**RECORD SET:**
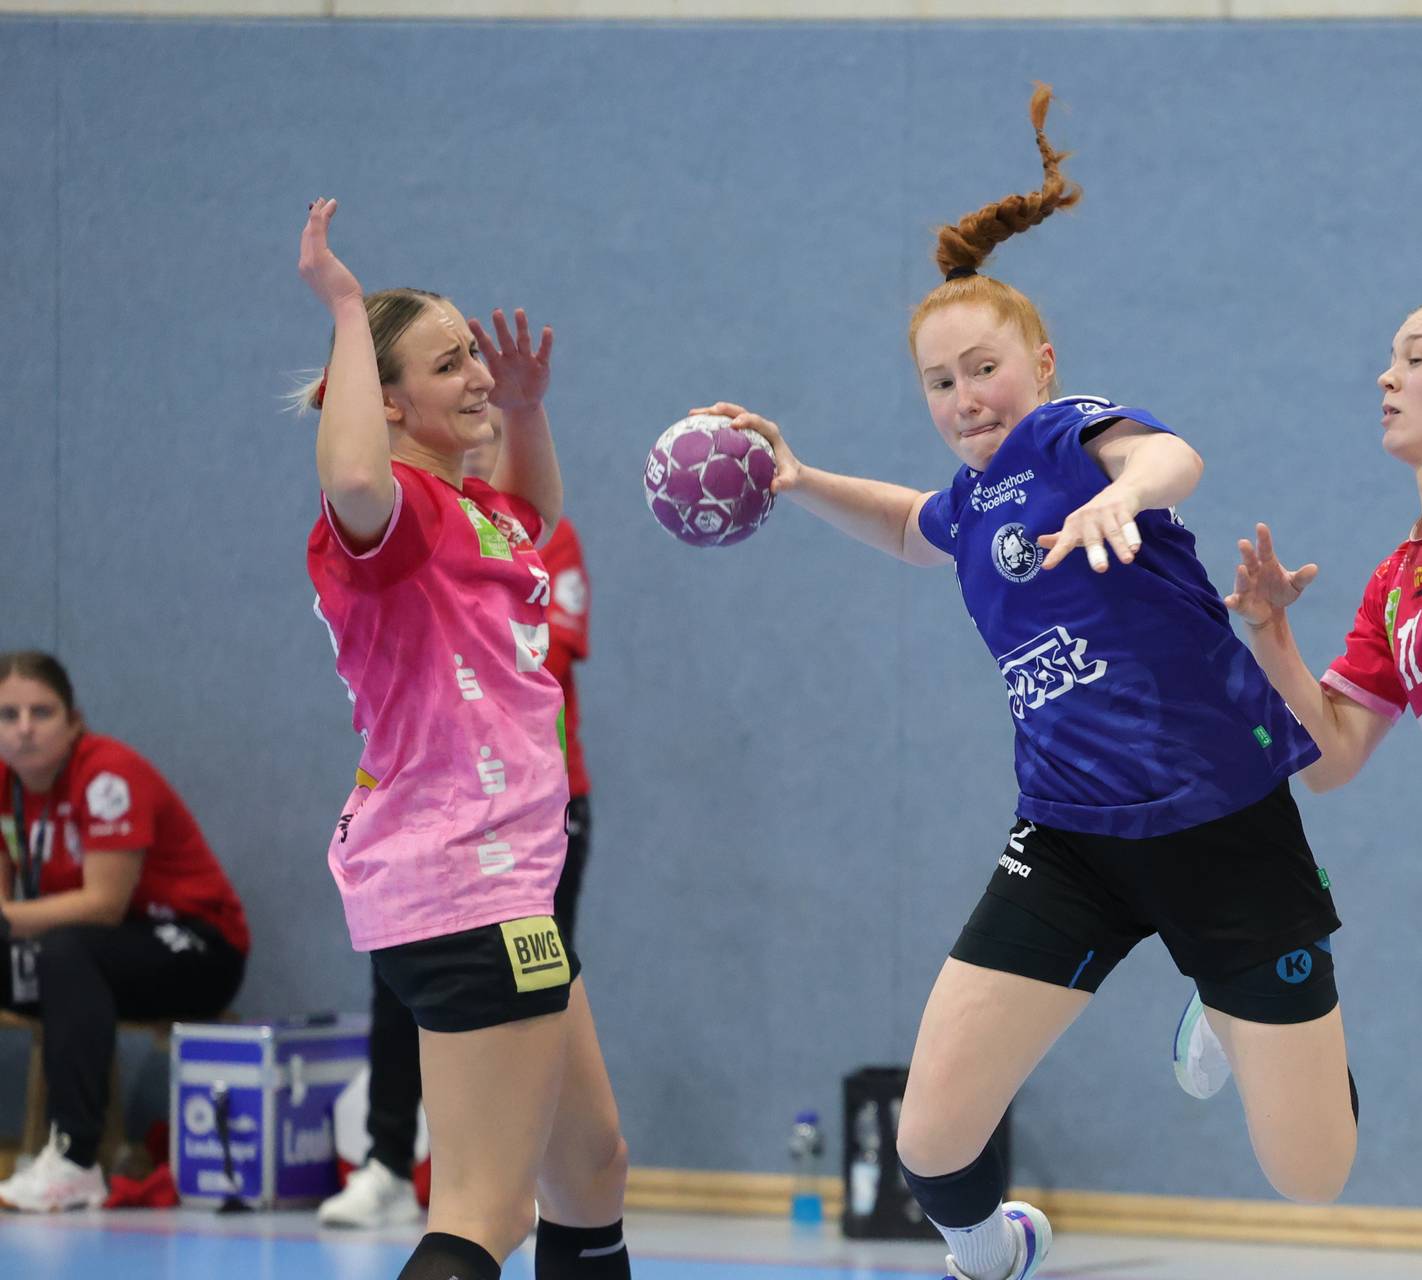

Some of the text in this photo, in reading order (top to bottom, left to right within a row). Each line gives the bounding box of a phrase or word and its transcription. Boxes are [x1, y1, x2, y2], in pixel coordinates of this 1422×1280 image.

[982, 469, 1034, 499] druckhaus
[981, 488, 1018, 513] boeken
[998, 853, 1033, 878] empa
[513, 929, 560, 965] BWG

**ABOUT THIS EXERCISE:** What is needed is the whole listing again, set down exactly, without its pictures.

**REPLY:**
Some of the text in this photo, in reading order (top to bottom, left to right within a row). Each line gives the bounding box of a phrase or word and its transcription. Boxes are [x1, y1, x2, y2], in pixel coordinates of this 1422×1280 image.

[982, 469, 1034, 499] druckhaus
[981, 488, 1018, 513] boeken
[998, 853, 1033, 878] empa
[513, 929, 560, 965] BWG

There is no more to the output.